Work to complete: Every entry below is to be copied exactly, with nothing omitted.

Start of Provided records

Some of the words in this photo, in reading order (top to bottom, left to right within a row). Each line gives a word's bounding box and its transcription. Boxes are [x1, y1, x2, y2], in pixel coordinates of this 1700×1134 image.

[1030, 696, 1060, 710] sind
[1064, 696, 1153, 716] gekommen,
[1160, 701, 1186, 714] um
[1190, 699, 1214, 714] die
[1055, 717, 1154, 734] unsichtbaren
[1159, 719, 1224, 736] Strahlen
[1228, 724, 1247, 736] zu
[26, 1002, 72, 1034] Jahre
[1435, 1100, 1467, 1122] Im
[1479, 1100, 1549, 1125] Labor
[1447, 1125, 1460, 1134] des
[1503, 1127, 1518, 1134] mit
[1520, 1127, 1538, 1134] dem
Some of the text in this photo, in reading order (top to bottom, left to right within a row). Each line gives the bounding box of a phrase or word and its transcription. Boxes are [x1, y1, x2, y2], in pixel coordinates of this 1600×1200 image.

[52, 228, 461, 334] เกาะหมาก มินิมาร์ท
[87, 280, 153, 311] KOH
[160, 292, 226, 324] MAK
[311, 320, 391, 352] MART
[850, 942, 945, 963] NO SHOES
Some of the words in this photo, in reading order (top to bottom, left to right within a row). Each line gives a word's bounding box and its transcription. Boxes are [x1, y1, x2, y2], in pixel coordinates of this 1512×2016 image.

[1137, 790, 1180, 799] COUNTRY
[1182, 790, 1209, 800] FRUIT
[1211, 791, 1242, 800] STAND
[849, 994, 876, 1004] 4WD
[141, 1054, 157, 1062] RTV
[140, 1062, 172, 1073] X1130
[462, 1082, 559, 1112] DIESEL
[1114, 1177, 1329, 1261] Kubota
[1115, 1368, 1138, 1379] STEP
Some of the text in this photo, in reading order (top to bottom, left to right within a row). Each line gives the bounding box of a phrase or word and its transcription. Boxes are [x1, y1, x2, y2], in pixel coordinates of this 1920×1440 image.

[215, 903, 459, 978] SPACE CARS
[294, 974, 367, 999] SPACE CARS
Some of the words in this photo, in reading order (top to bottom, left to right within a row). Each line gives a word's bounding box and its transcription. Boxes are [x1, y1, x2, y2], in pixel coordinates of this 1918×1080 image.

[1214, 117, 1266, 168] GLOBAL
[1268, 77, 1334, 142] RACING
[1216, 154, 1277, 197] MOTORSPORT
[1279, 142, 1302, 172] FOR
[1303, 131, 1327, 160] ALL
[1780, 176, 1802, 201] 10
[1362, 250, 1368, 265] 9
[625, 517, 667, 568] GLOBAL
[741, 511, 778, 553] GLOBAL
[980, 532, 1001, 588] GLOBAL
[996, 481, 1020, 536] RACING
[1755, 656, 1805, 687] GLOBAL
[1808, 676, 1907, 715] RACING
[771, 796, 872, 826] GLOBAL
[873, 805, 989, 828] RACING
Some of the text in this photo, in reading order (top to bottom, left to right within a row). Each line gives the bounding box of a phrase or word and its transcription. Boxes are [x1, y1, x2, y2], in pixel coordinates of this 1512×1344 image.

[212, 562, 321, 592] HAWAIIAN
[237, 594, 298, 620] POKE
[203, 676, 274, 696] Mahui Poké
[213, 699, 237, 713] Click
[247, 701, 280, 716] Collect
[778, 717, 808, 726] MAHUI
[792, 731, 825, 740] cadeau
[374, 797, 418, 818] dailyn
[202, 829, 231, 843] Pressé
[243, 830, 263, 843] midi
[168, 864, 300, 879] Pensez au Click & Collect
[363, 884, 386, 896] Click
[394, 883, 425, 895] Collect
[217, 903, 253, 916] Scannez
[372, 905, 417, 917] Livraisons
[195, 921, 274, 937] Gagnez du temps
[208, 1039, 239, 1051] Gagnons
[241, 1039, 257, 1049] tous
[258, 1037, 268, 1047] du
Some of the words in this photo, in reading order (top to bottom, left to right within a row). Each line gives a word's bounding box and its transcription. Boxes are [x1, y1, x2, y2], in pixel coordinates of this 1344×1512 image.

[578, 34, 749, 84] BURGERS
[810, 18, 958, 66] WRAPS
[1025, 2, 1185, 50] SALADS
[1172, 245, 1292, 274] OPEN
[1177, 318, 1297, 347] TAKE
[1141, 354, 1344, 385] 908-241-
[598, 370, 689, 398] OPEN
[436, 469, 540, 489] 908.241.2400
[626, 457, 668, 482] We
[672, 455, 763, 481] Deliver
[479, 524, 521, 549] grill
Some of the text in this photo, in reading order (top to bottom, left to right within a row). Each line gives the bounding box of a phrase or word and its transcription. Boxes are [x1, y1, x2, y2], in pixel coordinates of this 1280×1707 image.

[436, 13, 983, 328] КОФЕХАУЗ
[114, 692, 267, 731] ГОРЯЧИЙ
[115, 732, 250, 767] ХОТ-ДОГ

End of Provided records

Output for this task:
Some of the words in this photo, in reading order (top to bottom, left to right within a row). Each line gives a word's bounding box and its transcription. Boxes are [x1, y1, x2, y2], in pixel coordinates of this 1700×1134 image.

[1030, 696, 1060, 710] sind
[1064, 696, 1153, 716] gekommen,
[1160, 701, 1186, 714] um
[1190, 699, 1214, 714] die
[1055, 717, 1154, 734] unsichtbaren
[1159, 719, 1224, 736] Strahlen
[1228, 724, 1247, 736] zu
[26, 1002, 72, 1034] Jahre
[1435, 1100, 1467, 1122] Im
[1479, 1100, 1549, 1125] Labor
[1447, 1125, 1460, 1134] des
[1503, 1127, 1518, 1134] mit
[1520, 1127, 1538, 1134] dem
Some of the text in this photo, in reading order (top to bottom, left to right within a row). Each line gives the bounding box of a phrase or word and its transcription. Boxes are [x1, y1, x2, y2], in pixel coordinates of this 1600×1200 image.

[52, 228, 461, 334] เกาะหมาก มินิมาร์ท
[87, 280, 153, 311] KOH
[160, 292, 226, 324] MAK
[311, 320, 391, 352] MART
[850, 942, 945, 963] NO SHOES
Some of the words in this photo, in reading order (top to bottom, left to right within a row). Each line gives a word's bounding box and its transcription. Boxes are [x1, y1, x2, y2], in pixel coordinates of this 1512×2016 image.

[1137, 790, 1180, 799] COUNTRY
[1182, 790, 1209, 800] FRUIT
[1211, 791, 1242, 800] STAND
[849, 994, 876, 1004] 4WD
[141, 1054, 157, 1062] RTV
[140, 1062, 172, 1073] X1130
[462, 1082, 559, 1112] DIESEL
[1114, 1177, 1329, 1261] Kubota
[1115, 1368, 1138, 1379] STEP
Some of the text in this photo, in reading order (top to bottom, left to right within a row). Each line gives the bounding box of a phrase or word and its transcription. Boxes are [x1, y1, x2, y2], in pixel coordinates of this 1920×1440 image.

[215, 903, 459, 978] SPACE CARS
[294, 974, 367, 999] SPACE CARS
Some of the words in this photo, in reading order (top to bottom, left to right within a row). Each line gives a word's bounding box and its transcription. Boxes are [x1, y1, x2, y2], in pixel coordinates of this 1918×1080 image.

[1214, 117, 1266, 168] GLOBAL
[1268, 77, 1334, 142] RACING
[1216, 154, 1277, 197] MOTORSPORT
[1279, 142, 1302, 172] FOR
[1303, 131, 1327, 160] ALL
[1780, 176, 1802, 201] 10
[1362, 250, 1368, 265] 9
[625, 517, 667, 568] GLOBAL
[741, 511, 778, 553] GLOBAL
[980, 532, 1001, 588] GLOBAL
[996, 481, 1020, 536] RACING
[1755, 656, 1805, 687] GLOBAL
[1808, 676, 1907, 715] RACING
[771, 796, 872, 826] GLOBAL
[873, 805, 989, 828] RACING
Some of the text in this photo, in reading order (top to bottom, left to right within a row). Each line gives the bounding box of a phrase or word and its transcription. Boxes are [x1, y1, x2, y2], in pixel coordinates of this 1512×1344 image.

[212, 562, 321, 592] HAWAIIAN
[237, 594, 298, 620] POKE
[203, 676, 274, 696] Mahui Poké
[213, 699, 237, 713] Click
[247, 701, 280, 716] Collect
[778, 717, 808, 726] MAHUI
[792, 731, 825, 740] cadeau
[374, 797, 418, 818] dailyn
[202, 829, 231, 843] Pressé
[243, 830, 263, 843] midi
[168, 864, 300, 879] Pensez au Click & Collect
[363, 884, 386, 896] Click
[394, 883, 425, 895] Collect
[217, 903, 253, 916] Scannez
[372, 905, 417, 917] Livraisons
[195, 921, 274, 937] Gagnez du temps
[208, 1039, 239, 1051] Gagnons
[241, 1039, 257, 1049] tous
[258, 1037, 268, 1047] du
Some of the words in this photo, in reading order (top to bottom, left to right within a row). Each line gives a word's bounding box and its transcription. Boxes are [x1, y1, x2, y2], in pixel coordinates of this 1344×1512 image.

[578, 34, 749, 84] BURGERS
[810, 18, 958, 66] WRAPS
[1025, 2, 1185, 50] SALADS
[1172, 245, 1292, 274] OPEN
[1177, 318, 1297, 347] TAKE
[1141, 354, 1344, 385] 908-241-
[598, 370, 689, 398] OPEN
[436, 469, 540, 489] 908.241.2400
[626, 457, 668, 482] We
[672, 455, 763, 481] Deliver
[479, 524, 521, 549] grill
Some of the text in this photo, in reading order (top to bottom, left to right within a row). Each line gives the bounding box of a phrase or word and its transcription. Boxes are [x1, y1, x2, y2], in pixel coordinates of this 1280×1707 image.

[436, 13, 983, 328] КОФЕХАУЗ
[114, 692, 267, 731] ГОРЯЧИЙ
[115, 732, 250, 767] ХОТ-ДОГ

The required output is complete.